_TASK DETAILS_
Every single line below has to be printed once more, exactly.

[RECORD SET — start]

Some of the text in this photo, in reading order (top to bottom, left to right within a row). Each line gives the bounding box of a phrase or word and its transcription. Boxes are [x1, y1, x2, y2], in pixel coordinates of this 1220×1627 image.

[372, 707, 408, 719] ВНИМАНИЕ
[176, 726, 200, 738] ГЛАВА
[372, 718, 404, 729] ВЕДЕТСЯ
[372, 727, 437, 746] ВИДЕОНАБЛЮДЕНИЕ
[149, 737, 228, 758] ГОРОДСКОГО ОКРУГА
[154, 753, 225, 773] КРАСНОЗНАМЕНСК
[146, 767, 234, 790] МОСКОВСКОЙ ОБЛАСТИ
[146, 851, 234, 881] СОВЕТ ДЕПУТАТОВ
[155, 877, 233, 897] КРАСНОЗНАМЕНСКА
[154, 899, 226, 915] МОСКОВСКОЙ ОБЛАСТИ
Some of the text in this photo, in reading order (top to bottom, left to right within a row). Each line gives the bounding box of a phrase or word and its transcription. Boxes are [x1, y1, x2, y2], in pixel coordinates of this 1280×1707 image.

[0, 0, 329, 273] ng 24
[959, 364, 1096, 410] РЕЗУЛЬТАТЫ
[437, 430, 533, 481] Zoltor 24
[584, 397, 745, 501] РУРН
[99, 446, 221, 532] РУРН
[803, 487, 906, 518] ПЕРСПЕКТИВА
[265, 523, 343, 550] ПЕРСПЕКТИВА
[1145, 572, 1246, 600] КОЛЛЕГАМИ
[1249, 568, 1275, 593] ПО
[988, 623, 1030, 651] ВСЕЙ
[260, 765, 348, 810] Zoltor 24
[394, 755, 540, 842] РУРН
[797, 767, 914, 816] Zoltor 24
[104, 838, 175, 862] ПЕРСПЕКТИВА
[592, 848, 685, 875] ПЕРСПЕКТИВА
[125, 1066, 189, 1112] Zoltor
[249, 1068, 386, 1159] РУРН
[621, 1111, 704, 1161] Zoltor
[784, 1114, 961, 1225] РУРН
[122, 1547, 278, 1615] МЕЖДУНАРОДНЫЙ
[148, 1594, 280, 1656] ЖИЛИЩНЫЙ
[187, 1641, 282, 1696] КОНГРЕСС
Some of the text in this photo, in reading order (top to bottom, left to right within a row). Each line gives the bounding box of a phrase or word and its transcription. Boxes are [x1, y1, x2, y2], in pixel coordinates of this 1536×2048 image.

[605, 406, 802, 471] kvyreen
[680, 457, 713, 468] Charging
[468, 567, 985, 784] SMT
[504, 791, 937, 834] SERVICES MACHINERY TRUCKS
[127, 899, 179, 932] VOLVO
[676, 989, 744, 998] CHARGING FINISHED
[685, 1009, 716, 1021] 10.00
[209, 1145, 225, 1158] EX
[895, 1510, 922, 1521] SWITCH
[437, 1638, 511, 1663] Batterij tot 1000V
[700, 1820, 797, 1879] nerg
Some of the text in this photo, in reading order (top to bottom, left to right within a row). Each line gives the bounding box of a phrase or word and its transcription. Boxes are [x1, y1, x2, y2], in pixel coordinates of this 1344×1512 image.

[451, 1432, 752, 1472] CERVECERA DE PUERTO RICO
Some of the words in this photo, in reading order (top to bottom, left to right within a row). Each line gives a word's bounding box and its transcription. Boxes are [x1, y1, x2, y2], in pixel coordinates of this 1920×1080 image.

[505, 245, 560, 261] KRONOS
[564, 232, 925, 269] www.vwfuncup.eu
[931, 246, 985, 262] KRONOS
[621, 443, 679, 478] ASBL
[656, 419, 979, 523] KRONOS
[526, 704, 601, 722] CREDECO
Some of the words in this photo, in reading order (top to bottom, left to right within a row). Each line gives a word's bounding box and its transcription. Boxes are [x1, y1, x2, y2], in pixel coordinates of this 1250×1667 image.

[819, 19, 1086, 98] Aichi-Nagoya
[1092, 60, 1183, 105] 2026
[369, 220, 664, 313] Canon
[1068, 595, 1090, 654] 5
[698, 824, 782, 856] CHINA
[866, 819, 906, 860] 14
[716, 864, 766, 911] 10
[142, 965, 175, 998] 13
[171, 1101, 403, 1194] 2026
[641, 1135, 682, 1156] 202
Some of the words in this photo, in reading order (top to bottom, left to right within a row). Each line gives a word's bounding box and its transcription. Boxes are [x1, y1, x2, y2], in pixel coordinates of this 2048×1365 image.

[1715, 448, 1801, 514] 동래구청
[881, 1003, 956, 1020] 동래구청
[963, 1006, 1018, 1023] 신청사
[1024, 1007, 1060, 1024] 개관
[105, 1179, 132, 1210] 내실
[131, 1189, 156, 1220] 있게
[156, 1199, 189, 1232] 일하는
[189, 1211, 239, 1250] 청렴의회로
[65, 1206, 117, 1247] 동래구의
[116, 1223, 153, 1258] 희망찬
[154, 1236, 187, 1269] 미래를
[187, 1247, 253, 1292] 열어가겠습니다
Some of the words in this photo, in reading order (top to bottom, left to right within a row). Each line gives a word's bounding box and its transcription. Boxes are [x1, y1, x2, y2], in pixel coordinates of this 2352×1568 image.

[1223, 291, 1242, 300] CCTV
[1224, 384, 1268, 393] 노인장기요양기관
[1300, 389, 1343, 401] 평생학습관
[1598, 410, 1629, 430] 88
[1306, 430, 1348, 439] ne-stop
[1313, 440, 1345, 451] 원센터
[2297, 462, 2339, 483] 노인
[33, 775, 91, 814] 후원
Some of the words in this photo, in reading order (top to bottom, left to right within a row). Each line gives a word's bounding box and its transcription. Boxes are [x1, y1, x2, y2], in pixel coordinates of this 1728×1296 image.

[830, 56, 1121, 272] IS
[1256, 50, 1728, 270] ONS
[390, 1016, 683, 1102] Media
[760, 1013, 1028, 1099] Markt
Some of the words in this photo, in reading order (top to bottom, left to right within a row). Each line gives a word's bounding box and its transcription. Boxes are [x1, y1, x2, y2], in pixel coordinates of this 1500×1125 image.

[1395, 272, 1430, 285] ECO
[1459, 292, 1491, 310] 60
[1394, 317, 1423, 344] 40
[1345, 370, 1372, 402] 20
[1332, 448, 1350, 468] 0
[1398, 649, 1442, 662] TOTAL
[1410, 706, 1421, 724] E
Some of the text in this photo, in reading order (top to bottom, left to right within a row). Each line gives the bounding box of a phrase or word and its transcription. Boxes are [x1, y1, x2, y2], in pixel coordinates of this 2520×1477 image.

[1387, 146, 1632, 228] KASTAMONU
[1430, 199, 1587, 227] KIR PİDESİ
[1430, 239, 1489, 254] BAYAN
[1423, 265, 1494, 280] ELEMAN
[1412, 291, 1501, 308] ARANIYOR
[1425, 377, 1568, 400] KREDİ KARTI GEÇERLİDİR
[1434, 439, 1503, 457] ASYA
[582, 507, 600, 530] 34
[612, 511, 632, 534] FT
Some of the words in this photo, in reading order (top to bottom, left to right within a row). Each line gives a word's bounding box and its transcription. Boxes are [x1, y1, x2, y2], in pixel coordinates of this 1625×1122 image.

[RECORD SET — finish]

_TASK OUTPUT_
Some of the text in this photo, in reading order (top to bottom, left to right within a row). Each line gives the bounding box of a phrase or word and its transcription. Boxes are [x1, y1, x2, y2], in pixel coordinates of this 1220×1627 image.

[372, 707, 408, 719] ВНИМАНИЕ
[176, 726, 200, 738] ГЛАВА
[372, 718, 404, 729] ВЕДЕТСЯ
[372, 727, 437, 746] ВИДЕОНАБЛЮДЕНИЕ
[149, 737, 228, 758] ГОРОДСКОГО ОКРУГА
[154, 753, 225, 773] КРАСНОЗНАМЕНСК
[146, 767, 234, 790] МОСКОВСКОЙ ОБЛАСТИ
[146, 851, 234, 881] СОВЕТ ДЕПУТАТОВ
[155, 877, 233, 897] КРАСНОЗНАМЕНСКА
[154, 899, 226, 915] МОСКОВСКОЙ ОБЛАСТИ
Some of the text in this photo, in reading order (top to bottom, left to right within a row). Each line gives the bounding box of a phrase or word and its transcription. Boxes are [x1, y1, x2, y2], in pixel coordinates of this 1280×1707 image.

[0, 0, 329, 273] ng 24
[959, 364, 1096, 410] РЕЗУЛЬТАТЫ
[437, 430, 533, 481] Zoltor 24
[584, 397, 745, 501] РУРН
[99, 446, 221, 532] РУРН
[803, 487, 906, 518] ПЕРСПЕКТИВА
[265, 523, 343, 550] ПЕРСПЕКТИВА
[1145, 572, 1246, 600] КОЛЛЕГАМИ
[1249, 568, 1275, 593] ПО
[988, 623, 1030, 651] ВСЕЙ
[260, 765, 348, 810] Zoltor 24
[394, 755, 540, 842] РУРН
[797, 767, 914, 816] Zoltor 24
[104, 838, 175, 862] ПЕРСПЕКТИВА
[592, 848, 685, 875] ПЕРСПЕКТИВА
[125, 1066, 189, 1112] Zoltor
[249, 1068, 386, 1159] РУРН
[621, 1111, 704, 1161] Zoltor
[784, 1114, 961, 1225] РУРН
[122, 1547, 278, 1615] МЕЖДУНАРОДНЫЙ
[148, 1594, 280, 1656] ЖИЛИЩНЫЙ
[187, 1641, 282, 1696] КОНГРЕСС
Some of the text in this photo, in reading order (top to bottom, left to right within a row). Each line gives the bounding box of a phrase or word and its transcription. Boxes are [x1, y1, x2, y2], in pixel coordinates of this 1536×2048 image.

[605, 406, 802, 471] kvyreen
[680, 457, 713, 468] Charging
[468, 567, 985, 784] SMT
[504, 791, 937, 834] SERVICES MACHINERY TRUCKS
[127, 899, 179, 932] VOLVO
[676, 989, 744, 998] CHARGING FINISHED
[685, 1009, 716, 1021] 10.00
[209, 1145, 225, 1158] EX
[895, 1510, 922, 1521] SWITCH
[437, 1638, 511, 1663] Batterij tot 1000V
[700, 1820, 797, 1879] nerg
Some of the text in this photo, in reading order (top to bottom, left to right within a row). Each line gives the bounding box of a phrase or word and its transcription. Boxes are [x1, y1, x2, y2], in pixel coordinates of this 1344×1512 image.

[451, 1432, 752, 1472] CERVECERA DE PUERTO RICO
Some of the words in this photo, in reading order (top to bottom, left to right within a row). Each line gives a word's bounding box and its transcription. Boxes are [x1, y1, x2, y2], in pixel coordinates of this 1920×1080 image.

[505, 245, 560, 261] KRONOS
[564, 232, 925, 269] www.vwfuncup.eu
[931, 246, 985, 262] KRONOS
[621, 443, 679, 478] ASBL
[656, 419, 979, 523] KRONOS
[526, 704, 601, 722] CREDECO
Some of the words in this photo, in reading order (top to bottom, left to right within a row). Each line gives a word's bounding box and its transcription. Boxes are [x1, y1, x2, y2], in pixel coordinates of this 1250×1667 image.

[819, 19, 1086, 98] Aichi-Nagoya
[1092, 60, 1183, 105] 2026
[369, 220, 664, 313] Canon
[1068, 595, 1090, 654] 5
[698, 824, 782, 856] CHINA
[866, 819, 906, 860] 14
[716, 864, 766, 911] 10
[142, 965, 175, 998] 13
[171, 1101, 403, 1194] 2026
[641, 1135, 682, 1156] 202
Some of the words in this photo, in reading order (top to bottom, left to right within a row). Each line gives a word's bounding box and its transcription. Boxes are [x1, y1, x2, y2], in pixel coordinates of this 2048×1365 image.

[1715, 448, 1801, 514] 동래구청
[881, 1003, 956, 1020] 동래구청
[963, 1006, 1018, 1023] 신청사
[1024, 1007, 1060, 1024] 개관
[105, 1179, 132, 1210] 내실
[131, 1189, 156, 1220] 있게
[156, 1199, 189, 1232] 일하는
[189, 1211, 239, 1250] 청렴의회로
[65, 1206, 117, 1247] 동래구의
[116, 1223, 153, 1258] 희망찬
[154, 1236, 187, 1269] 미래를
[187, 1247, 253, 1292] 열어가겠습니다
Some of the words in this photo, in reading order (top to bottom, left to right within a row). Each line gives a word's bounding box and its transcription. Boxes are [x1, y1, x2, y2], in pixel coordinates of this 2352×1568 image.

[1223, 291, 1242, 300] CCTV
[1224, 384, 1268, 393] 노인장기요양기관
[1300, 389, 1343, 401] 평생학습관
[1598, 410, 1629, 430] 88
[1306, 430, 1348, 439] ne-stop
[1313, 440, 1345, 451] 원센터
[2297, 462, 2339, 483] 노인
[33, 775, 91, 814] 후원
Some of the words in this photo, in reading order (top to bottom, left to right within a row). Each line gives a word's bounding box and its transcription. Boxes are [x1, y1, x2, y2], in pixel coordinates of this 1728×1296 image.

[830, 56, 1121, 272] IS
[1256, 50, 1728, 270] ONS
[390, 1016, 683, 1102] Media
[760, 1013, 1028, 1099] Markt
Some of the words in this photo, in reading order (top to bottom, left to right within a row). Each line gives a word's bounding box and its transcription. Boxes are [x1, y1, x2, y2], in pixel coordinates of this 1500×1125 image.

[1395, 272, 1430, 285] ECO
[1459, 292, 1491, 310] 60
[1394, 317, 1423, 344] 40
[1345, 370, 1372, 402] 20
[1332, 448, 1350, 468] 0
[1398, 649, 1442, 662] TOTAL
[1410, 706, 1421, 724] E
Some of the text in this photo, in reading order (top to bottom, left to right within a row). Each line gives the bounding box of a phrase or word and its transcription. Boxes are [x1, y1, x2, y2], in pixel coordinates of this 2520×1477 image.

[1387, 146, 1632, 228] KASTAMONU
[1430, 199, 1587, 227] KIR PİDESİ
[1430, 239, 1489, 254] BAYAN
[1423, 265, 1494, 280] ELEMAN
[1412, 291, 1501, 308] ARANIYOR
[1425, 377, 1568, 400] KREDİ KARTI GEÇERLİDİR
[1434, 439, 1503, 457] ASYA
[582, 507, 600, 530] 34
[612, 511, 632, 534] FT
Some of the words in this photo, in reading order (top to bottom, left to right within a row). Each line gives a word's bounding box and its transcription. Boxes are [x1, y1, x2, y2], in pixel coordinates of this 1625×1122 image.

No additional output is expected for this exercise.